'Last 5 Years': All the Theater World Cameos

'The Last 5 Years'

Director Richard LaGravanese pays tribute to musical theater fans everywhere with his plethora of insider Easter eggs.

Director Richard LaGravenese didn’t make The Last Five Years for the general audience; he made it for the obsessives and the worshippers of Jason Robert Brown’s Off-Broadway musical, whom LaGravenese calls "the tribe."

“I didn’t go into this trying to please a 100-million-dollar marketplace — I don't care,” LaGravenese told The Hollywood Reporter. “I made it for a responsible budget, and I know if the musical theater tribe comes out for it, we’ll be fine. Nowadays, that’s the only way you can see things that are different and fresh — instead of having to appeal to a massive audience."

And LaGravanese left a lot of fun nods to theater insiders throughout the film. Although it’s largely a two person story — Anna Kendrick and Jeremy Jordan plays lovers from the beginning of a relationship to the break-up — many key players from the piece’s history and from the creative team pop up in the background. Try to spot them all when you’re watching the film, now in limited theaters and on demand:

Jason Robert Brown

“Why does this pianist hate me?” Cathy in “Climbing Uphill.” Look closely, that’s composer Brown, giving a hilariously convincing performance as a bad piano player. “He did all of that himself,” LaGravenese says of Brown looking closely at the sheet music. “ I cracked up behind the camera. He killed me."

Ashley Spencer

Jordan’s wife, who is a Broadway star in her own right having starred in HairsprayGrease, and Rock of Ages, plays the receptionist at Random House and then appears again in “Nobody Needs to Know” as a woman Jamie (spoiler alert!) gets involved with. “I got to cheat on my wife with my wife,” Jordan quipped at the film’s New York premiere.

Betsy Wolfe

The Broadway actress played Cathy in the 2013 Off-Broadway production, directed by Brown, but in the film, she plays a snake-loving former stripper at an Ohio summer stock theater. (LaGravenese says he definitely knew immediately where he was going to put Wolfe in the film.) Wolfe shines as a neon-pink lingerie clad actress who shoves her snake in Kendrick’s face.

Georgia Stitt

Everybody's wife is in the film!
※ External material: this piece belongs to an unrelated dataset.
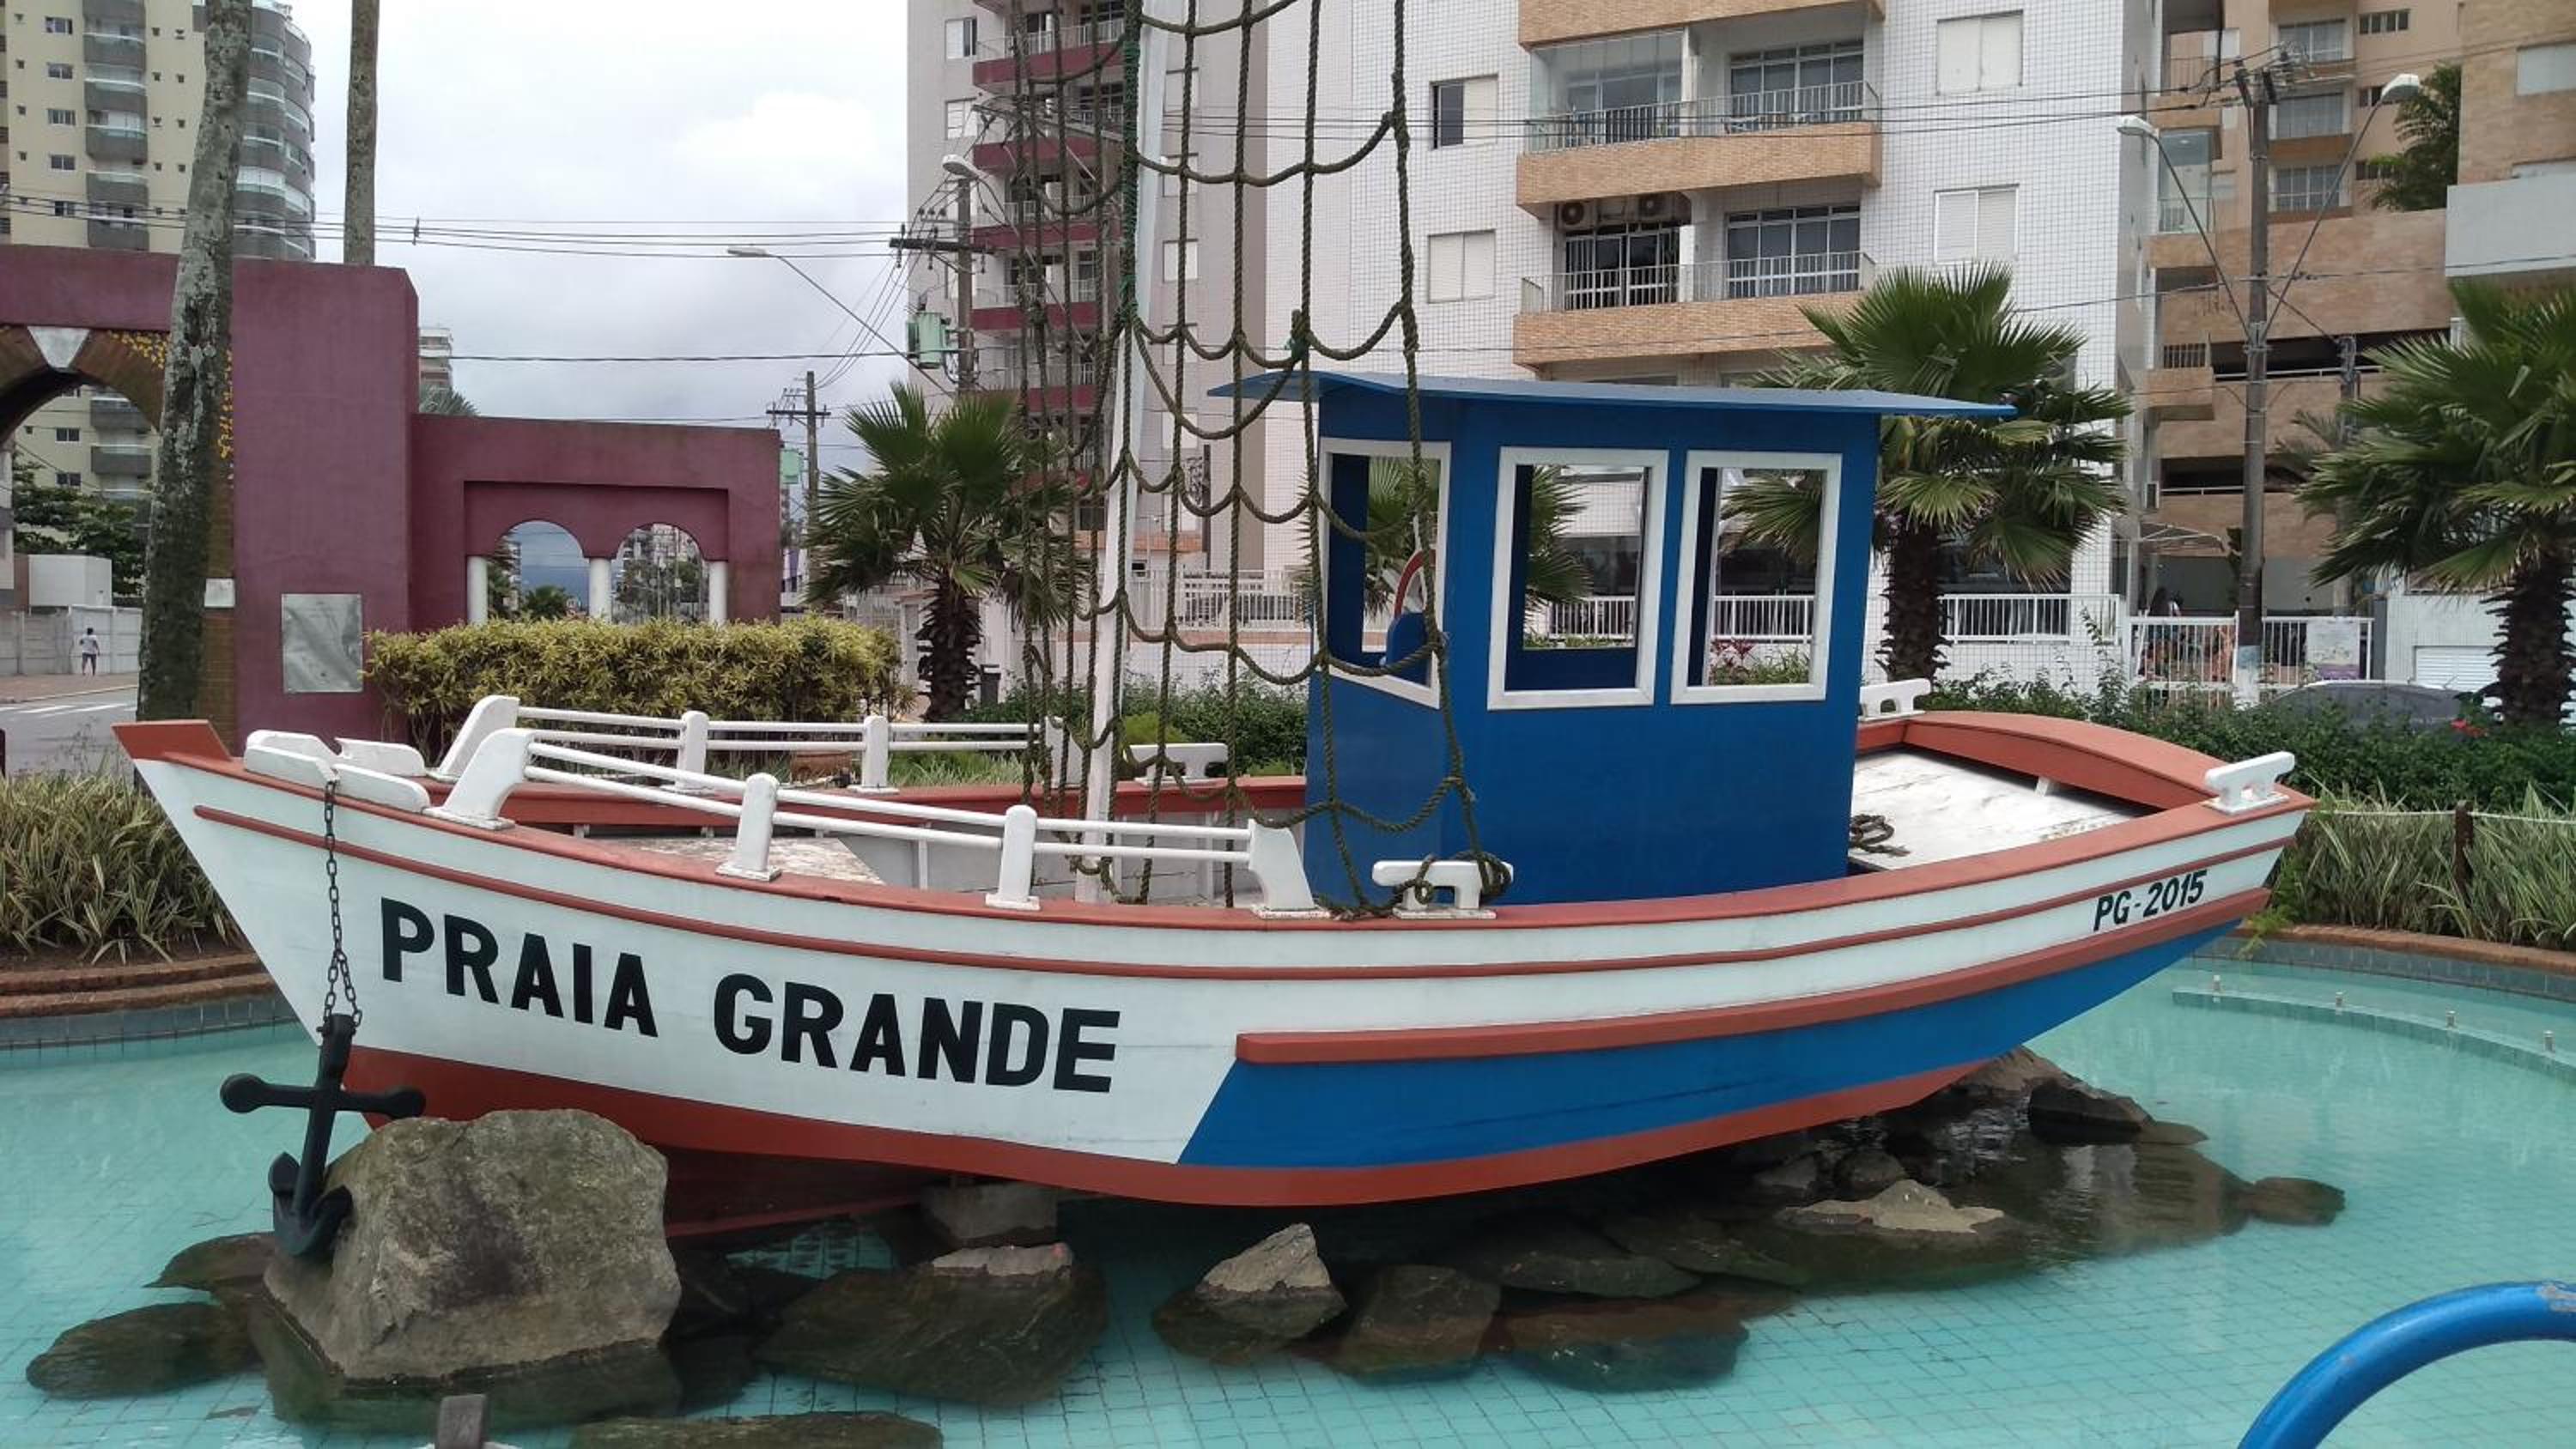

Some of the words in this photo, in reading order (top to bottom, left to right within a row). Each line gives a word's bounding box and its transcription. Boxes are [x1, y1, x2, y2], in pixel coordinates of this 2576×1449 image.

[2093, 869, 2208, 932] PG-2015
[380, 897, 659, 1038] PRAIA
[714, 973, 1121, 1093] GRANDE
Brown's wife and fellow composer Stitt pops up as the pianist at the Ohio summer theater. Stitt also served as the music supervisor on the film.

Kurt Deutsch

It’s always nice to see a friendly face at an audition, and when Cathy sings “When You Come Home to Me,” one of the people on the other side of the table is film and record producer Deutsch. Deutsch co-founded Sh-K-Boom/Ghostlight Records, which produced the original Off-Broadway cast recording of The Last Five Years and also serves as a producer on the film.

Sherie Rene Scott

It’s the original Cathy Hiatt! Scott, who played Cathy at the Minetta Lane in 2002, is also a co-founder of Sh-K-Boom with Deutsch and is a TK producer on the film. LaGravenese knew he wanted Scott to be in the “positive audition” (Cathy has a less-than-positive one also), and he also wanted to include Norbert Leo Butz, who played Jamie in 2002, but Butz’s schedule didn’t work out.

Richard LaGravenese

The director even found a way to sneak himself into the film, but blink and you’ll miss him. As Jamie is running around New York City in “Moving Too Fast,” he stops to get a suit tailored. Well, that tailor is none other than LaGravenese. Thanks to the three-way mirror, you can spot him thrice.

Brad Oscar

This Broadway veteran sits on the other side of the table during Cathy's bad audition in "Climbing Uphill," the same one Brown is the pianist for. Oscar has appeared in many shows, including The Producers, Spamalot, and The Addams Family, and he will be seen in the upcoming Something Rotten on Broadway.

Broadway Chorus Boys

Many of the dancers in Cathy's summer stock show in Ohio are Broadway ensemble members in their own right. Although the choreography (Michelle Lynch did the choreography) in the film is exaggerated on purpose, these dancers can nail a time step on the Great White Way any day.